Only the pictures stay out; every record is to be quoted exactly.

Saved entries:
__________________________________________________

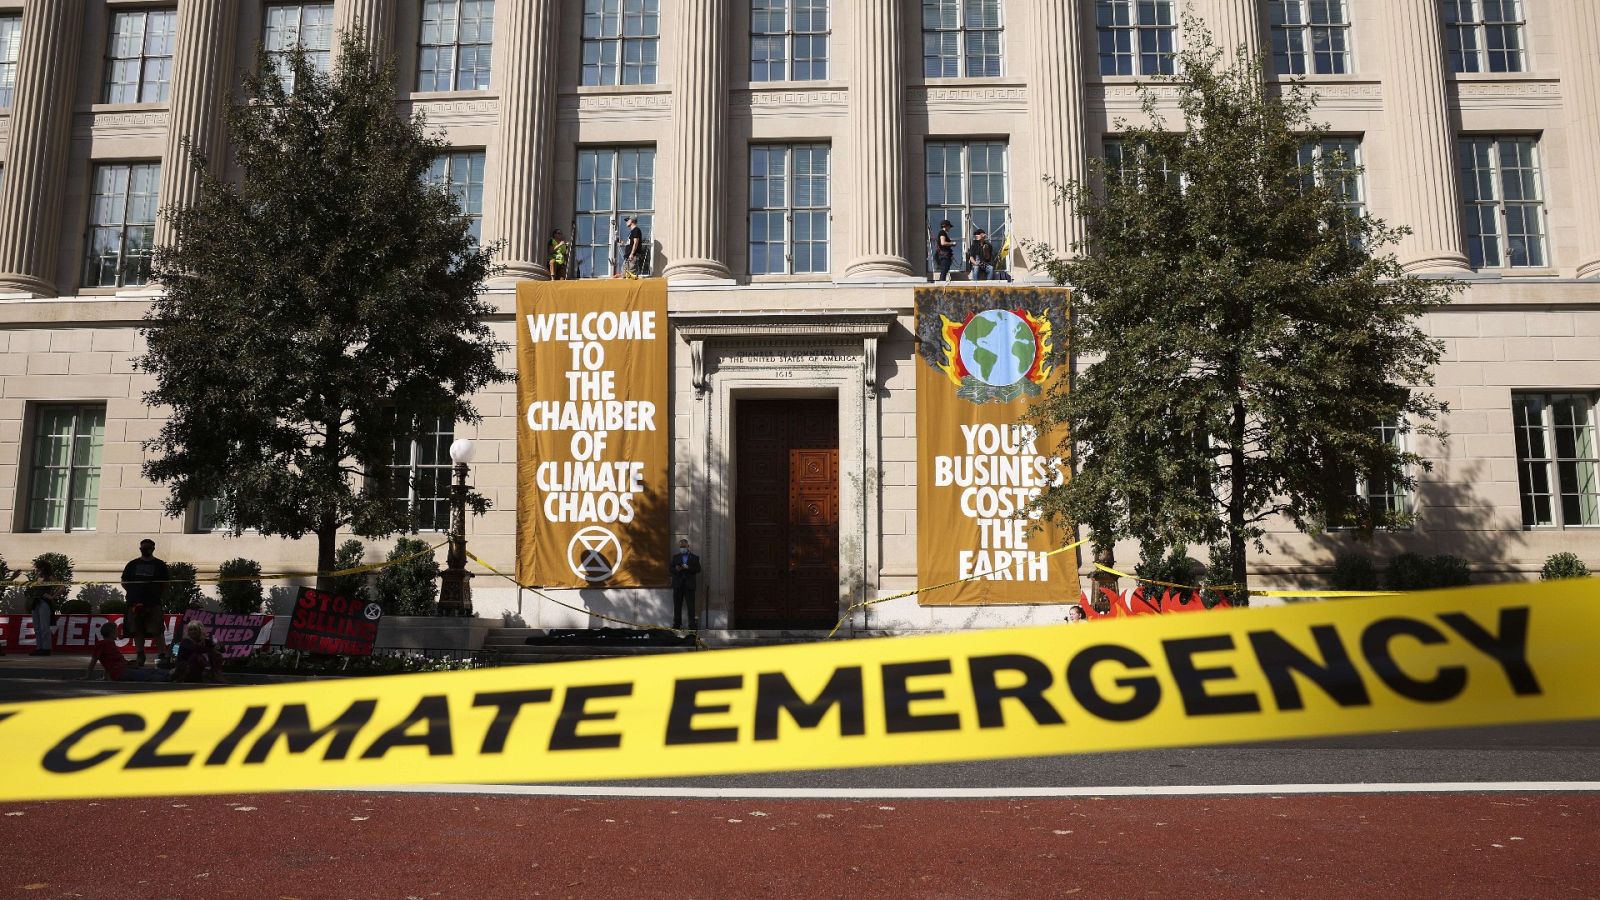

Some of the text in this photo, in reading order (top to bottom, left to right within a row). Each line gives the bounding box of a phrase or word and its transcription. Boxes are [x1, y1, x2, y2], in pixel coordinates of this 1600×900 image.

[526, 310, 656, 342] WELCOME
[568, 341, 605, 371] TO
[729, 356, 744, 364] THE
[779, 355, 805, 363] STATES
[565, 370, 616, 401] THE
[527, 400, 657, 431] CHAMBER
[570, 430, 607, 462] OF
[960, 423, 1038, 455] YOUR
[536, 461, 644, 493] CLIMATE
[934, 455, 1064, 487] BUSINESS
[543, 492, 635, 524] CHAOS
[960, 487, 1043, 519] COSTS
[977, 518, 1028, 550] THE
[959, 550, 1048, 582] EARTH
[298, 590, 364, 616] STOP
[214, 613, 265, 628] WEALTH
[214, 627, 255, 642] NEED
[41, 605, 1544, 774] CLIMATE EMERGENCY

__________________________________________________

*Answer:*
Some of the text in this photo, in reading order (top to bottom, left to right within a row). Each line gives the bounding box of a phrase or word and its transcription. Boxes are [x1, y1, x2, y2], in pixel coordinates of this 1600×900 image.

[526, 310, 656, 342] WELCOME
[568, 341, 605, 371] TO
[729, 356, 744, 364] THE
[779, 355, 805, 363] STATES
[565, 370, 616, 401] THE
[527, 400, 657, 431] CHAMBER
[570, 430, 607, 462] OF
[960, 423, 1038, 455] YOUR
[536, 461, 644, 493] CLIMATE
[934, 455, 1064, 487] BUSINESS
[543, 492, 635, 524] CHAOS
[960, 487, 1043, 519] COSTS
[977, 518, 1028, 550] THE
[959, 550, 1048, 582] EARTH
[298, 590, 364, 616] STOP
[214, 613, 265, 628] WEALTH
[214, 627, 255, 642] NEED
[41, 605, 1544, 774] CLIMATE EMERGENCY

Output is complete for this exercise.